I think back when I first felt welcomed into my husbands family. We just started dating at the age of 20. I was visiting Canada from Denmark for 10 months. Gene invited me to his house and his mom and step father were very warm, accepting and down to earth. I felt right away that they were pleased to meet me. I could be me. As time went and Gene and I got married, I felt the love of my mother in law and father in law through many acts of kindness. You see my Mom had a hard time accepting Gene after we eloped. He never felt welcomed by my parents. We weren’t treated like a married couple. It was so different then my in laws welcome. There was no welcome for my husband. Like he had taken something that wasn’t his. A heavy burden to carry.

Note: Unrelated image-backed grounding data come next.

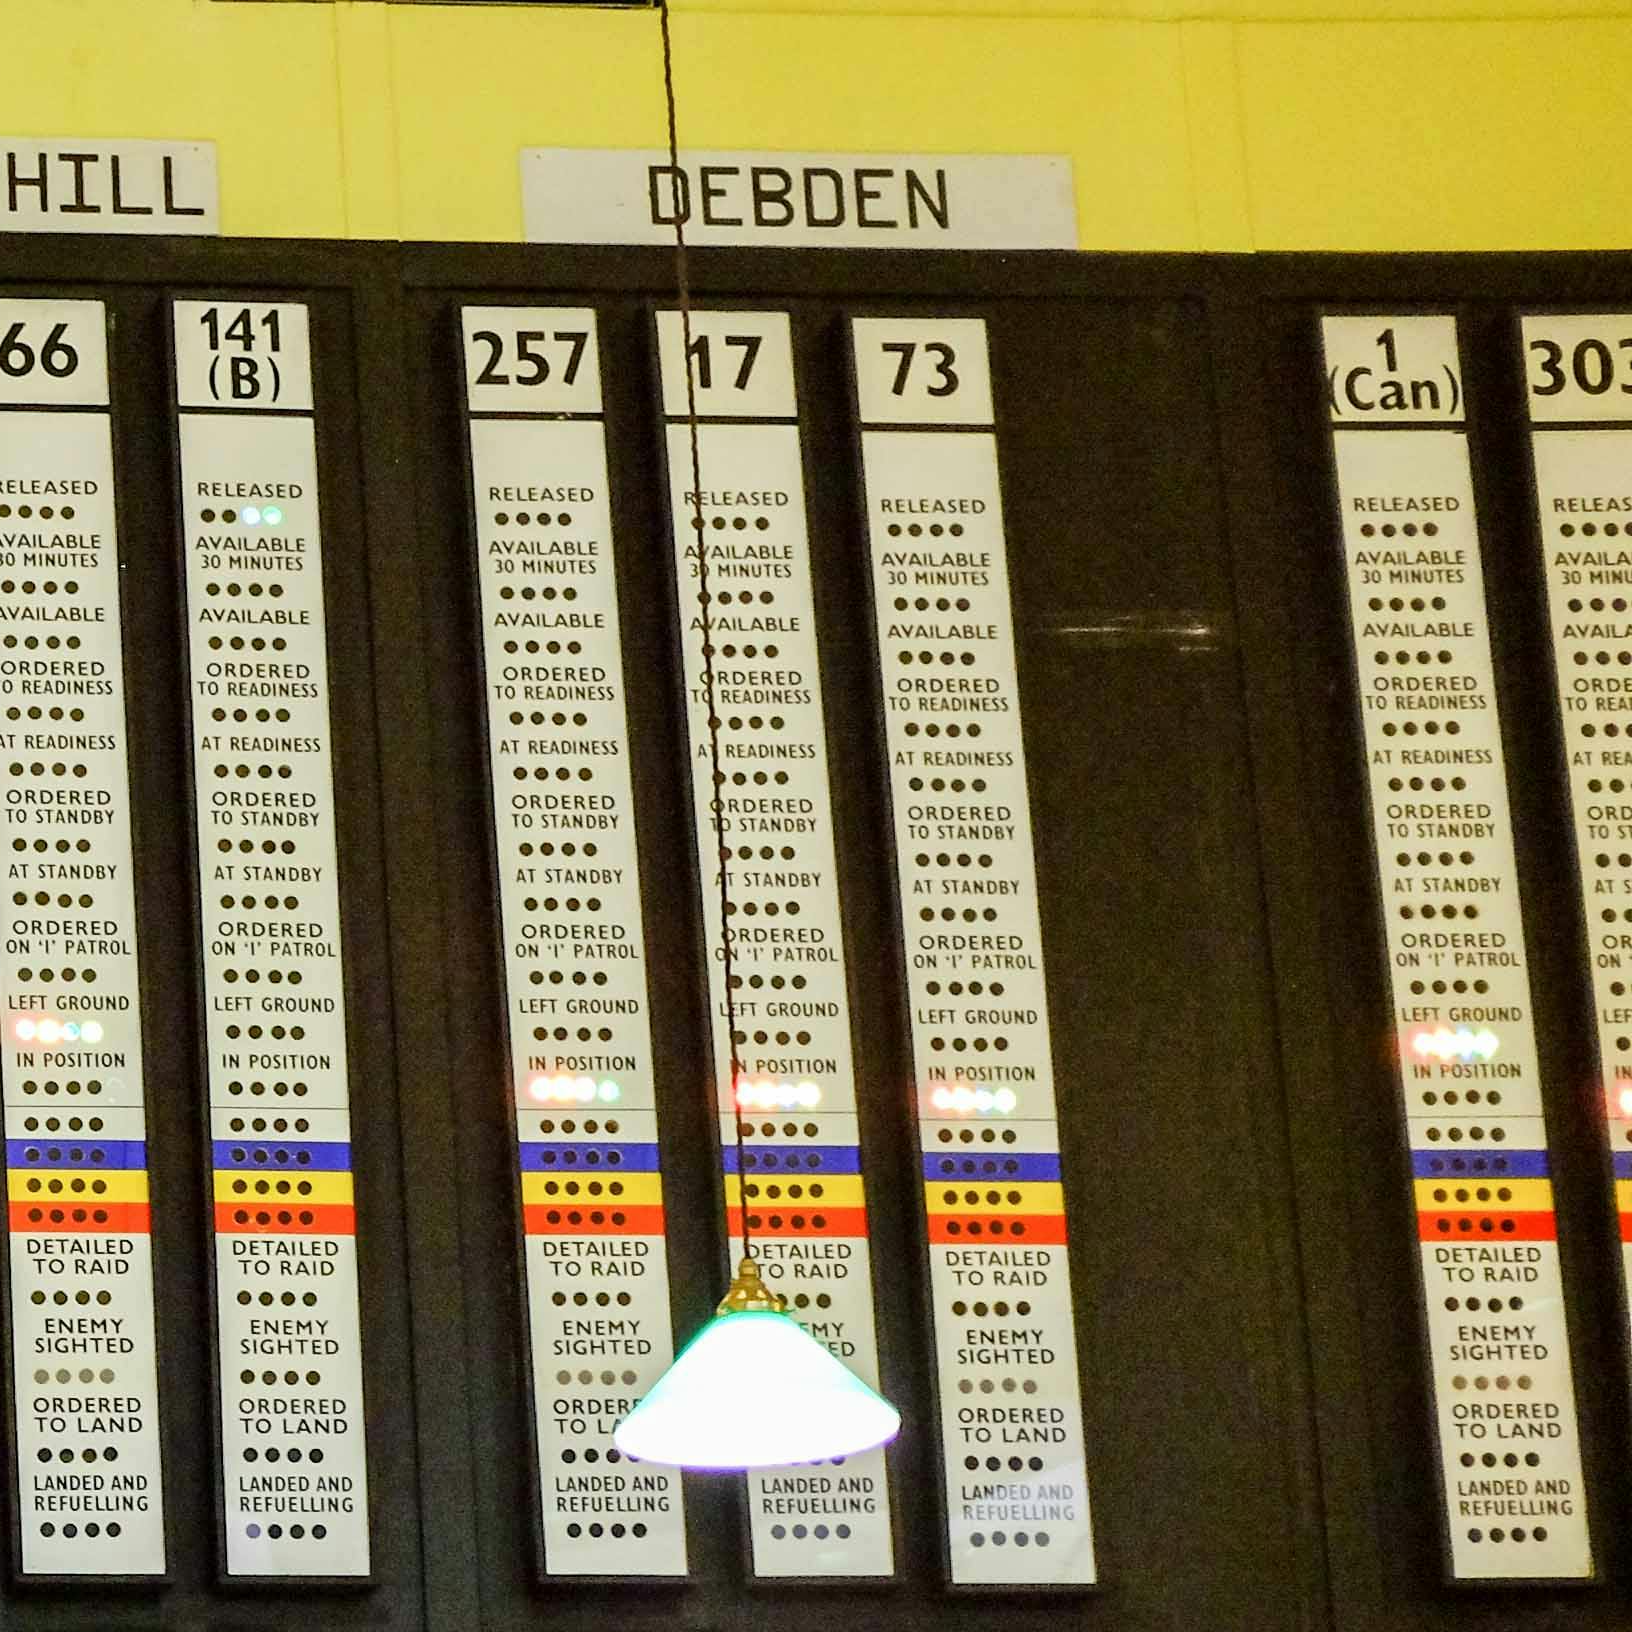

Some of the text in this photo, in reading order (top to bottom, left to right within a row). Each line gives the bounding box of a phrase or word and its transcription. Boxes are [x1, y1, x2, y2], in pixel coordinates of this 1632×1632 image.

[7, 152, 204, 215] HILL
[649, 162, 948, 233] DEBDEN
[201, 308, 280, 352] 141
[1377, 329, 1396, 372] 1
[473, 331, 588, 386] 257
[684, 331, 762, 394] 17
[882, 343, 958, 396] 73
[209, 356, 280, 402] (B)
[1325, 360, 1458, 419] (Can)
[489, 487, 594, 502] RELEASED
[489, 541, 598, 555] AVAILABLE
[496, 559, 596, 574] 30 MINUTES
[27, 1239, 133, 1254] DETAILED
[1435, 1247, 1541, 1263] DETAILED
[33, 1259, 129, 1274] TO RAID
[1443, 1267, 1538, 1282] TO RAID
[45, 1318, 122, 1333] ENEMY
[1458, 1326, 1535, 1341] ENEMY
[35, 1338, 134, 1353] SIGHTED
[1450, 1345, 1548, 1360] SIGHTED
[33, 1398, 141, 1413] ORDERED
[34, 1417, 142, 1433] TO LAND
[34, 1475, 147, 1491] LANDED AND
[35, 1496, 148, 1511] REFUELLING
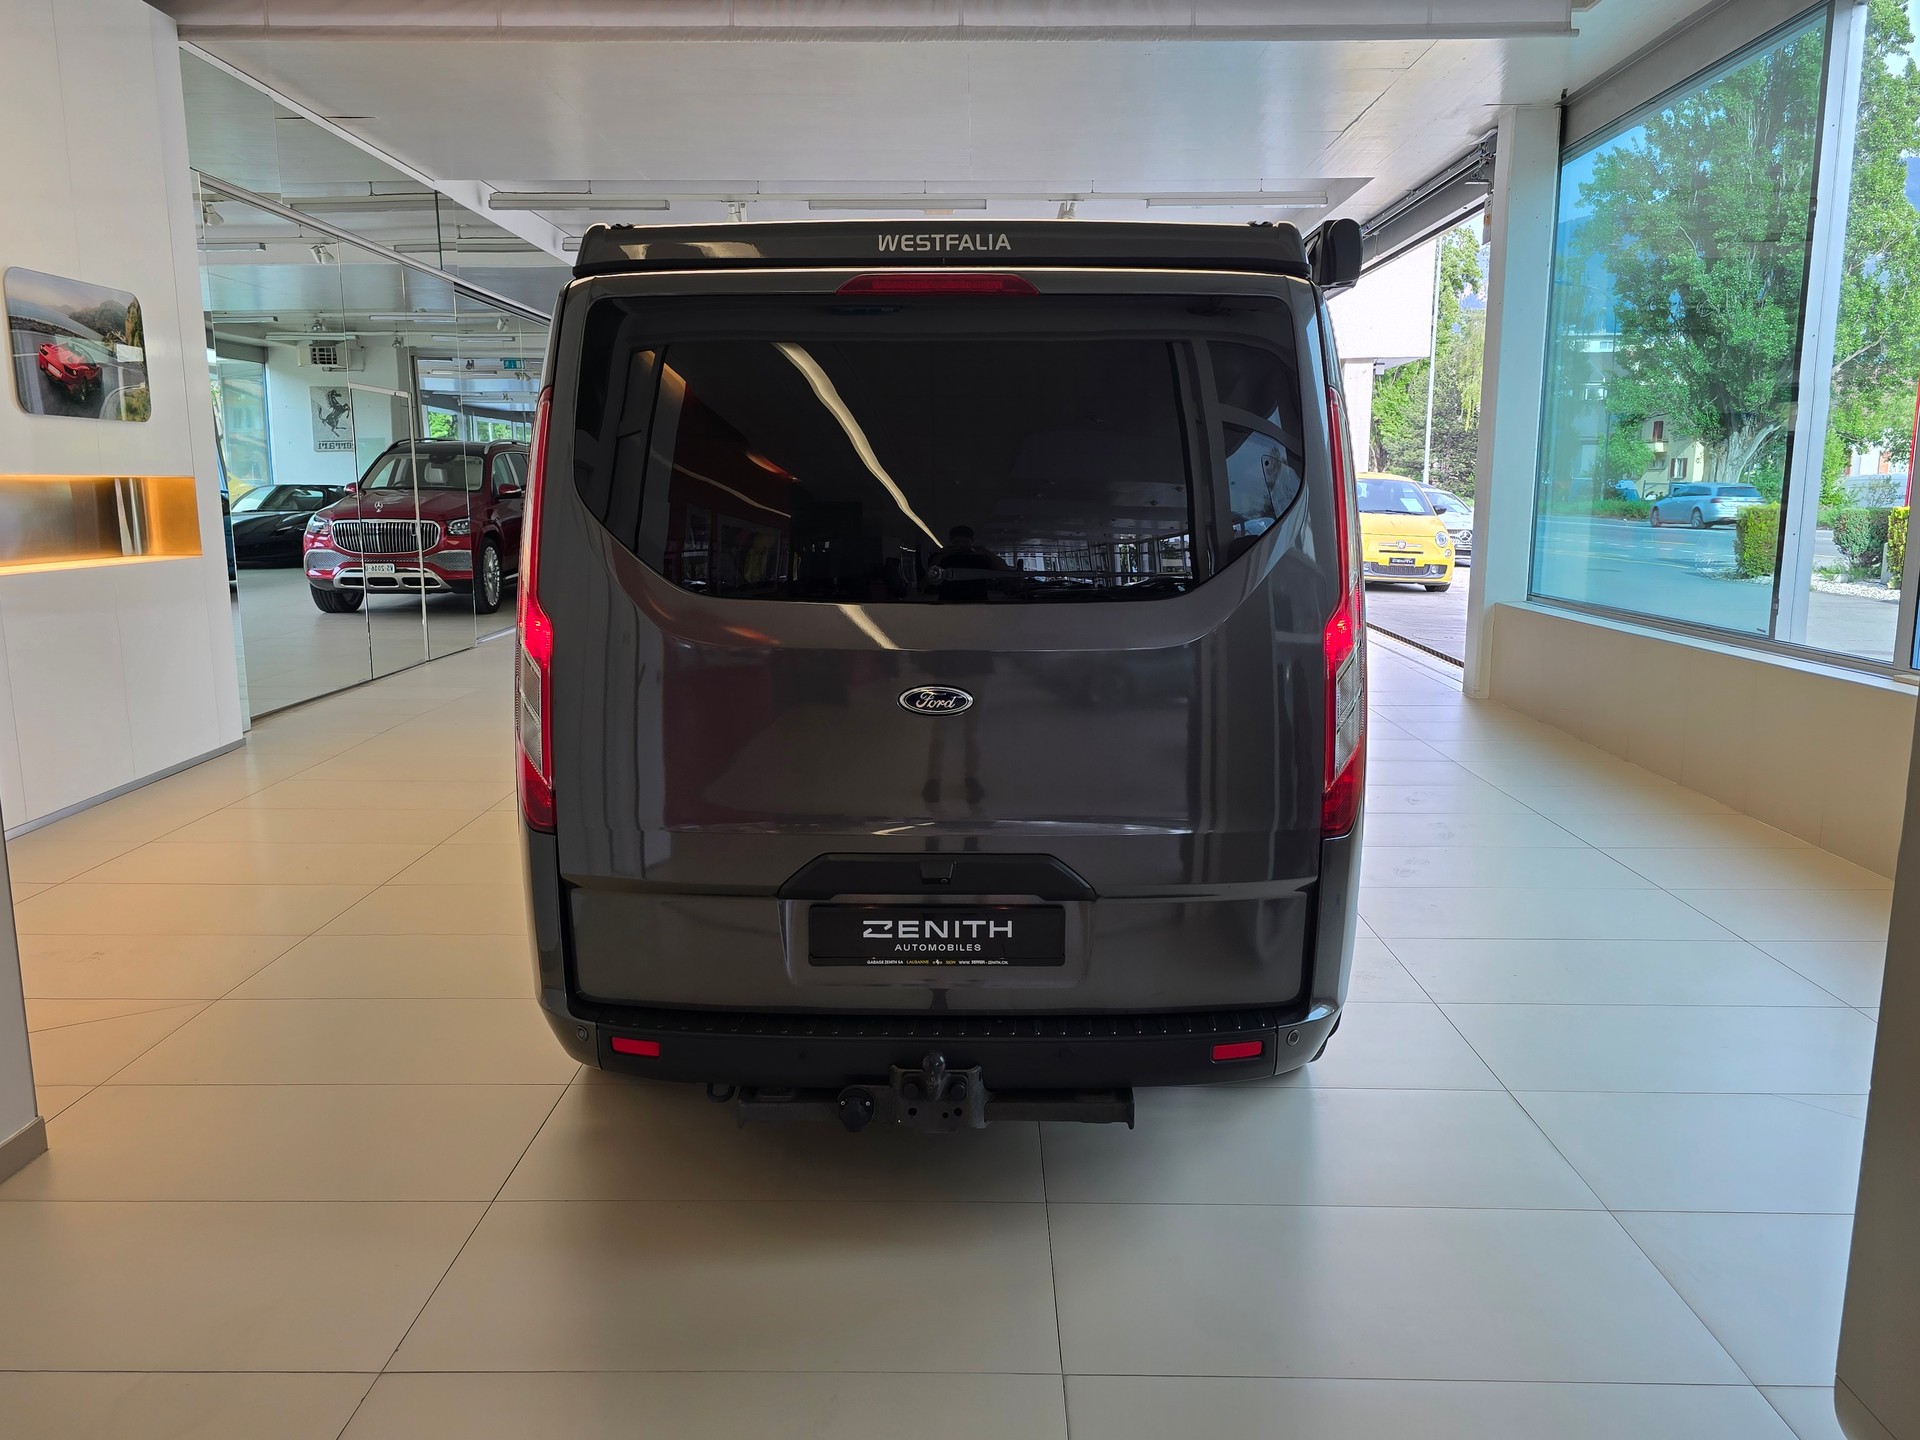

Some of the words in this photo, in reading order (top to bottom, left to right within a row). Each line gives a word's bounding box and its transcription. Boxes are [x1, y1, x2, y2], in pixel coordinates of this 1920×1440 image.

[878, 233, 1012, 251] WESTFALIA
[915, 690, 963, 709] Ford
[863, 920, 1013, 938] ZENITH
[894, 943, 982, 952] AUTOMOBILES
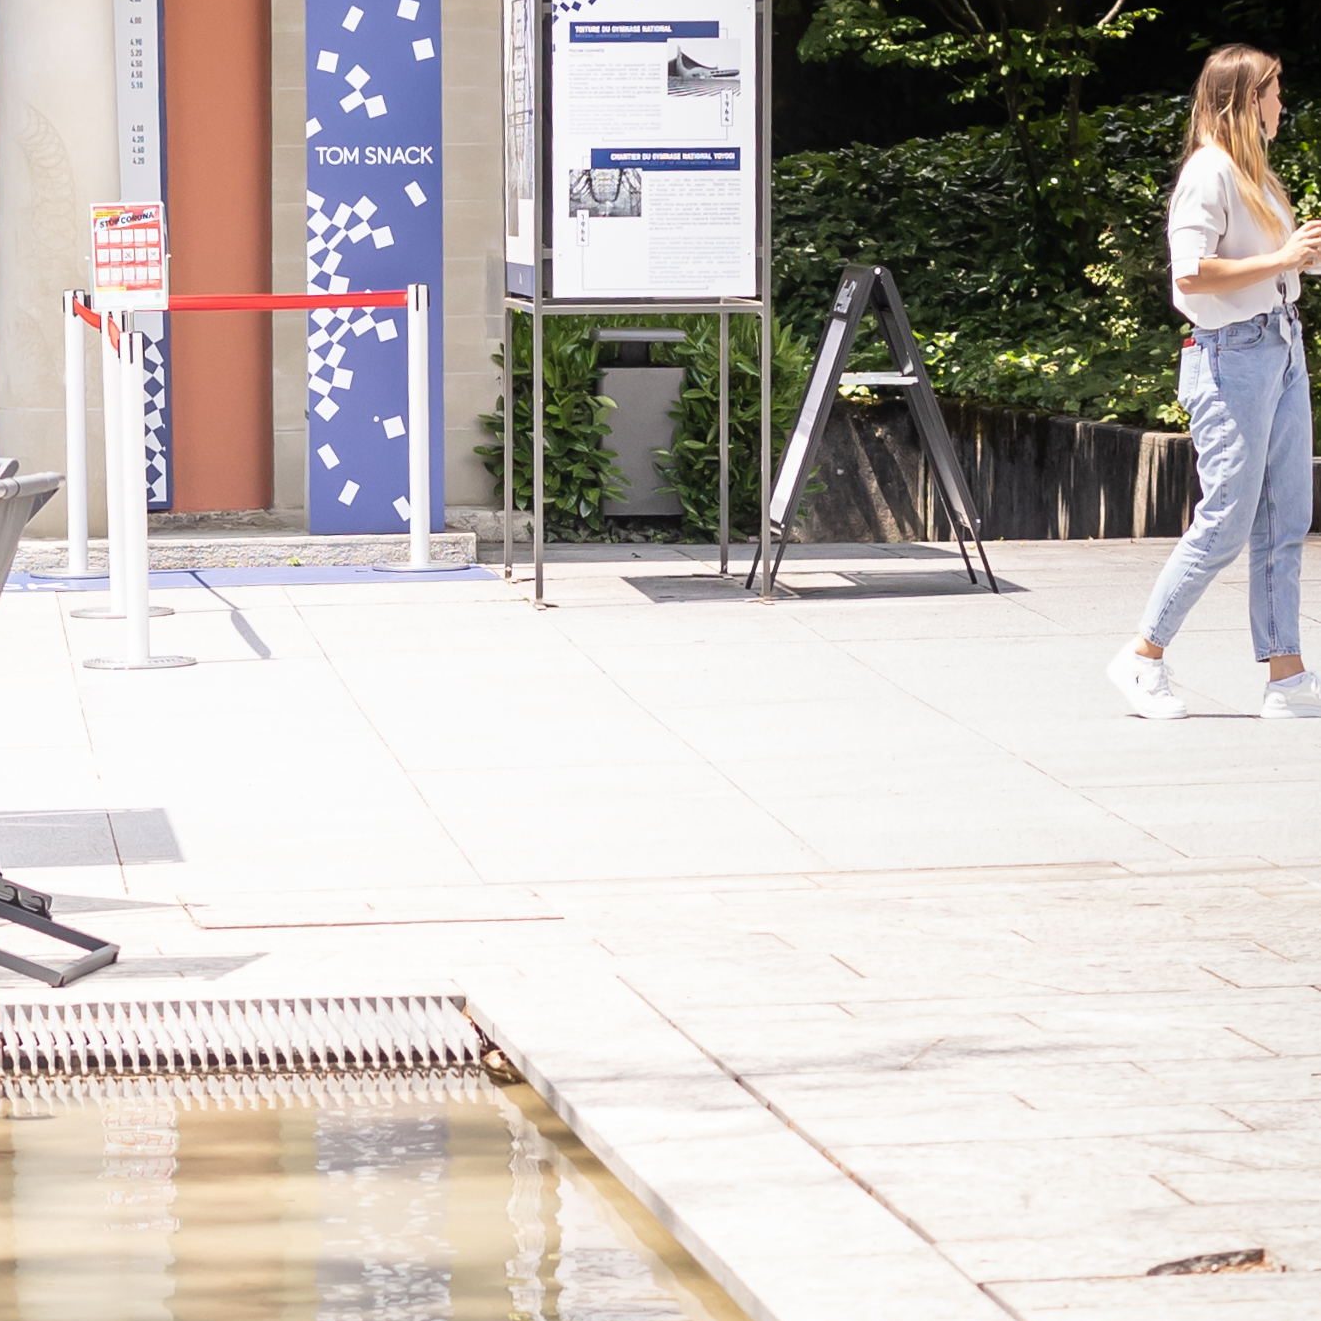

How different life can become when one person has the courage to have a conversation with you that is much needed. We need to hear and see through others eyes
It’s 2016, the first day of the year. My goal is to go to Church more regularly and set up my office with a prayer stool to hopefully get into praying.
I got this book from my husband for Christmas. His first time step in encouraging my creativity. I appreciate the gesture. I longed to be creative for so long , paint, do something artistic but been full of excuses, not believed I could, sabotaged even beginning to. Now I’m finished talking, thinking, doubting. I will take small steps, be brave, do something, anything. It feels good. I’m coming out of this shell. I am on this journey for pure pleasure and enjoyment. Not for anyone else but me.
I can’t always know by body language, facial expressions or even by words how a love one is really doing. They have to feel is safe , ok to share how things really are with them. I must put away my expectations about how I wish them to be. Take and accept them and myself where we both are at. I do not have to rescue, just be there and acknowledge people for how they are at this time in this place. Still it’s not easy but I keep trying.